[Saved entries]
- - -
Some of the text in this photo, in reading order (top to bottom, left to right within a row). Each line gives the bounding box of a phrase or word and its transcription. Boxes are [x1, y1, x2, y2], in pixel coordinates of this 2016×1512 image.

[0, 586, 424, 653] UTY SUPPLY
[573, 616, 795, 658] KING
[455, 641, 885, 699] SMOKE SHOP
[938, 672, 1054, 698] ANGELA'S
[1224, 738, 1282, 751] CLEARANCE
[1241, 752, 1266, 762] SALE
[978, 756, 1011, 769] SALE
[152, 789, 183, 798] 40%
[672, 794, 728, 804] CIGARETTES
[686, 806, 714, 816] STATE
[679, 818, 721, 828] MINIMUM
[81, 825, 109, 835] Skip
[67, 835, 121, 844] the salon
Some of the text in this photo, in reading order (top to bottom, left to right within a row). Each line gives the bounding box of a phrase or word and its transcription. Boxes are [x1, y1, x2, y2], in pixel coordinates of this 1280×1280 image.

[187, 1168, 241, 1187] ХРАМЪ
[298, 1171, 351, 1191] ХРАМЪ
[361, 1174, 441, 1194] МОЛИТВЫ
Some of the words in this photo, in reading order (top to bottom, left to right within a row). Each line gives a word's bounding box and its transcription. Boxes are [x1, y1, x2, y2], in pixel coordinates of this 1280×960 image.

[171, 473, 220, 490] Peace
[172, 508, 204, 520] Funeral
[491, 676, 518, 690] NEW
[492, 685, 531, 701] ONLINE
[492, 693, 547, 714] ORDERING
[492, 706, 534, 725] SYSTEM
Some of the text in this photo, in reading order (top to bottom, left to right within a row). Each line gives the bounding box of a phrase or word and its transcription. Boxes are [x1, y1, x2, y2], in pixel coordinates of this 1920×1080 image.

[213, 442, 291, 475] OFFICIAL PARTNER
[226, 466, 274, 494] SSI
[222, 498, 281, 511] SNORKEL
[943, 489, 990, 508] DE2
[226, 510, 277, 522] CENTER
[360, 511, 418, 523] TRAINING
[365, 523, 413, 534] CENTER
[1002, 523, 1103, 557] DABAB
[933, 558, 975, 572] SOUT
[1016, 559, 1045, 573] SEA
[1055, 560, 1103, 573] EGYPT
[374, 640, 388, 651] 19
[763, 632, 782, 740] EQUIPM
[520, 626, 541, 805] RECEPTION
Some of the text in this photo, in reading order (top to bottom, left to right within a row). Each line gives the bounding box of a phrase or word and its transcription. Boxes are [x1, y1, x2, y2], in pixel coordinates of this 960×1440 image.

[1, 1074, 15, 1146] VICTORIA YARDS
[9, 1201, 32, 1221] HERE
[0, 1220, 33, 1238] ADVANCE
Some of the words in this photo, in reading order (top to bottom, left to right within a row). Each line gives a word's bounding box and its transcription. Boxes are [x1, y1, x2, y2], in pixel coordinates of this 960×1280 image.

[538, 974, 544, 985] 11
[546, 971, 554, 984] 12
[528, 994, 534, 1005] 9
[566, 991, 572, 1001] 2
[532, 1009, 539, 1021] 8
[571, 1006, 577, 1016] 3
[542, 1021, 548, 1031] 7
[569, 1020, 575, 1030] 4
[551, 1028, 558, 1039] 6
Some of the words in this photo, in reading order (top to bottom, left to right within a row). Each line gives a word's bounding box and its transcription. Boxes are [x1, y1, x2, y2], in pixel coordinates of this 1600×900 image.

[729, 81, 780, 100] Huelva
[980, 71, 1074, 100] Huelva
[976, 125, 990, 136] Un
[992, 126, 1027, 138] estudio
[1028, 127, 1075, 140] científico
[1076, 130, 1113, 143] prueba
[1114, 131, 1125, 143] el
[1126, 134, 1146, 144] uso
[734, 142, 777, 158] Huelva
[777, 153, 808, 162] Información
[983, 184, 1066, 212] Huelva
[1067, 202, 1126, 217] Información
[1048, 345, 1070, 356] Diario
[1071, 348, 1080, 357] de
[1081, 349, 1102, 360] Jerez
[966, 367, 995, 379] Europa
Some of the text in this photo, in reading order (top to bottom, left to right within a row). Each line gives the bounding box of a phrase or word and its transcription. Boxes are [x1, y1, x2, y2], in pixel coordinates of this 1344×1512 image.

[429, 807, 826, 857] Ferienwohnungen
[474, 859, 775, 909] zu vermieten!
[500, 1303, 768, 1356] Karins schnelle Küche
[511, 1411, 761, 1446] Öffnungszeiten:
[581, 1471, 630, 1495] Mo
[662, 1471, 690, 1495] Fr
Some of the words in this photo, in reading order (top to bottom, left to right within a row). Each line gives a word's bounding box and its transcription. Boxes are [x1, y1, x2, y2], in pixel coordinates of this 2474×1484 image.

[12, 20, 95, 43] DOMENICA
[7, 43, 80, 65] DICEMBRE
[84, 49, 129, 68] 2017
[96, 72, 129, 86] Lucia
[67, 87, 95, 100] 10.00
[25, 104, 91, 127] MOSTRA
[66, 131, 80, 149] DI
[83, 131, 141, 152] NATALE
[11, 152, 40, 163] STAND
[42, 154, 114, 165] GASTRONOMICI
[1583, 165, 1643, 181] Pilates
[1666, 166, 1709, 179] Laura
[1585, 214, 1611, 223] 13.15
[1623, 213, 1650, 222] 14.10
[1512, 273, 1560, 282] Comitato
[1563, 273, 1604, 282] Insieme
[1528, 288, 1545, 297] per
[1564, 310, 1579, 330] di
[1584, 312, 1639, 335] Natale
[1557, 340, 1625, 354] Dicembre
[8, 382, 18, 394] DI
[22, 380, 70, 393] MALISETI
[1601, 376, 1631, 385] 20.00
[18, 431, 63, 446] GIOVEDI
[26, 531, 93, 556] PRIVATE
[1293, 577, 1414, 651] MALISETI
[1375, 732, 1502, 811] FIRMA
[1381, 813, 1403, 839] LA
- - -
- **Work instructions**
Transcribe all the entries exactly, as they stand.

- **Exercise output**
Some of the text in this photo, in reading order (top to bottom, left to right within a row). Each line gives the bounding box of a phrase or word and its transcription. Boxes are [x1, y1, x2, y2], in pixel coordinates of this 2016×1512 image.

[0, 586, 424, 653] UTY SUPPLY
[573, 616, 795, 658] KING
[455, 641, 885, 699] SMOKE SHOP
[938, 672, 1054, 698] ANGELA'S
[1224, 738, 1282, 751] CLEARANCE
[1241, 752, 1266, 762] SALE
[978, 756, 1011, 769] SALE
[152, 789, 183, 798] 40%
[672, 794, 728, 804] CIGARETTES
[686, 806, 714, 816] STATE
[679, 818, 721, 828] MINIMUM
[81, 825, 109, 835] Skip
[67, 835, 121, 844] the salon
Some of the text in this photo, in reading order (top to bottom, left to right within a row). Each line gives the bounding box of a phrase or word and its transcription. Boxes are [x1, y1, x2, y2], in pixel coordinates of this 1280×1280 image.

[187, 1168, 241, 1187] ХРАМЪ
[298, 1171, 351, 1191] ХРАМЪ
[361, 1174, 441, 1194] МОЛИТВЫ
Some of the words in this photo, in reading order (top to bottom, left to right within a row). Each line gives a word's bounding box and its transcription. Boxes are [x1, y1, x2, y2], in pixel coordinates of this 1280×960 image.

[171, 473, 220, 490] Peace
[172, 508, 204, 520] Funeral
[491, 676, 518, 690] NEW
[492, 685, 531, 701] ONLINE
[492, 693, 547, 714] ORDERING
[492, 706, 534, 725] SYSTEM
Some of the text in this photo, in reading order (top to bottom, left to right within a row). Each line gives the bounding box of a phrase or word and its transcription. Boxes are [x1, y1, x2, y2], in pixel coordinates of this 1920×1080 image.

[213, 442, 291, 475] OFFICIAL PARTNER
[226, 466, 274, 494] SSI
[222, 498, 281, 511] SNORKEL
[943, 489, 990, 508] DE2
[226, 510, 277, 522] CENTER
[360, 511, 418, 523] TRAINING
[365, 523, 413, 534] CENTER
[1002, 523, 1103, 557] DABAB
[933, 558, 975, 572] SOUT
[1016, 559, 1045, 573] SEA
[1055, 560, 1103, 573] EGYPT
[374, 640, 388, 651] 19
[763, 632, 782, 740] EQUIPM
[520, 626, 541, 805] RECEPTION
Some of the text in this photo, in reading order (top to bottom, left to right within a row). Each line gives the bounding box of a phrase or word and its transcription. Boxes are [x1, y1, x2, y2], in pixel coordinates of this 960×1440 image.

[1, 1074, 15, 1146] VICTORIA YARDS
[9, 1201, 32, 1221] HERE
[0, 1220, 33, 1238] ADVANCE
Some of the words in this photo, in reading order (top to bottom, left to right within a row). Each line gives a word's bounding box and its transcription. Boxes are [x1, y1, x2, y2], in pixel coordinates of this 960×1280 image.

[538, 974, 544, 985] 11
[546, 971, 554, 984] 12
[528, 994, 534, 1005] 9
[566, 991, 572, 1001] 2
[532, 1009, 539, 1021] 8
[571, 1006, 577, 1016] 3
[542, 1021, 548, 1031] 7
[569, 1020, 575, 1030] 4
[551, 1028, 558, 1039] 6
Some of the words in this photo, in reading order (top to bottom, left to right within a row). Each line gives a word's bounding box and its transcription. Boxes are [x1, y1, x2, y2], in pixel coordinates of this 1600×900 image.

[729, 81, 780, 100] Huelva
[980, 71, 1074, 100] Huelva
[976, 125, 990, 136] Un
[992, 126, 1027, 138] estudio
[1028, 127, 1075, 140] científico
[1076, 130, 1113, 143] prueba
[1114, 131, 1125, 143] el
[1126, 134, 1146, 144] uso
[734, 142, 777, 158] Huelva
[777, 153, 808, 162] Información
[983, 184, 1066, 212] Huelva
[1067, 202, 1126, 217] Información
[1048, 345, 1070, 356] Diario
[1071, 348, 1080, 357] de
[1081, 349, 1102, 360] Jerez
[966, 367, 995, 379] Europa
Some of the text in this photo, in reading order (top to bottom, left to right within a row). Each line gives the bounding box of a phrase or word and its transcription. Boxes are [x1, y1, x2, y2], in pixel coordinates of this 1344×1512 image.

[429, 807, 826, 857] Ferienwohnungen
[474, 859, 775, 909] zu vermieten!
[500, 1303, 768, 1356] Karins schnelle Küche
[511, 1411, 761, 1446] Öffnungszeiten:
[581, 1471, 630, 1495] Mo
[662, 1471, 690, 1495] Fr
Some of the words in this photo, in reading order (top to bottom, left to right within a row). Each line gives a word's bounding box and its transcription. Boxes are [x1, y1, x2, y2], in pixel coordinates of this 2474×1484 image.

[12, 20, 95, 43] DOMENICA
[7, 43, 80, 65] DICEMBRE
[84, 49, 129, 68] 2017
[96, 72, 129, 86] Lucia
[67, 87, 95, 100] 10.00
[25, 104, 91, 127] MOSTRA
[66, 131, 80, 149] DI
[83, 131, 141, 152] NATALE
[11, 152, 40, 163] STAND
[42, 154, 114, 165] GASTRONOMICI
[1583, 165, 1643, 181] Pilates
[1666, 166, 1709, 179] Laura
[1585, 214, 1611, 223] 13.15
[1623, 213, 1650, 222] 14.10
[1512, 273, 1560, 282] Comitato
[1563, 273, 1604, 282] Insieme
[1528, 288, 1545, 297] per
[1564, 310, 1579, 330] di
[1584, 312, 1639, 335] Natale
[1557, 340, 1625, 354] Dicembre
[8, 382, 18, 394] DI
[22, 380, 70, 393] MALISETI
[1601, 376, 1631, 385] 20.00
[18, 431, 63, 446] GIOVEDI
[26, 531, 93, 556] PRIVATE
[1293, 577, 1414, 651] MALISETI
[1375, 732, 1502, 811] FIRMA
[1381, 813, 1403, 839] LA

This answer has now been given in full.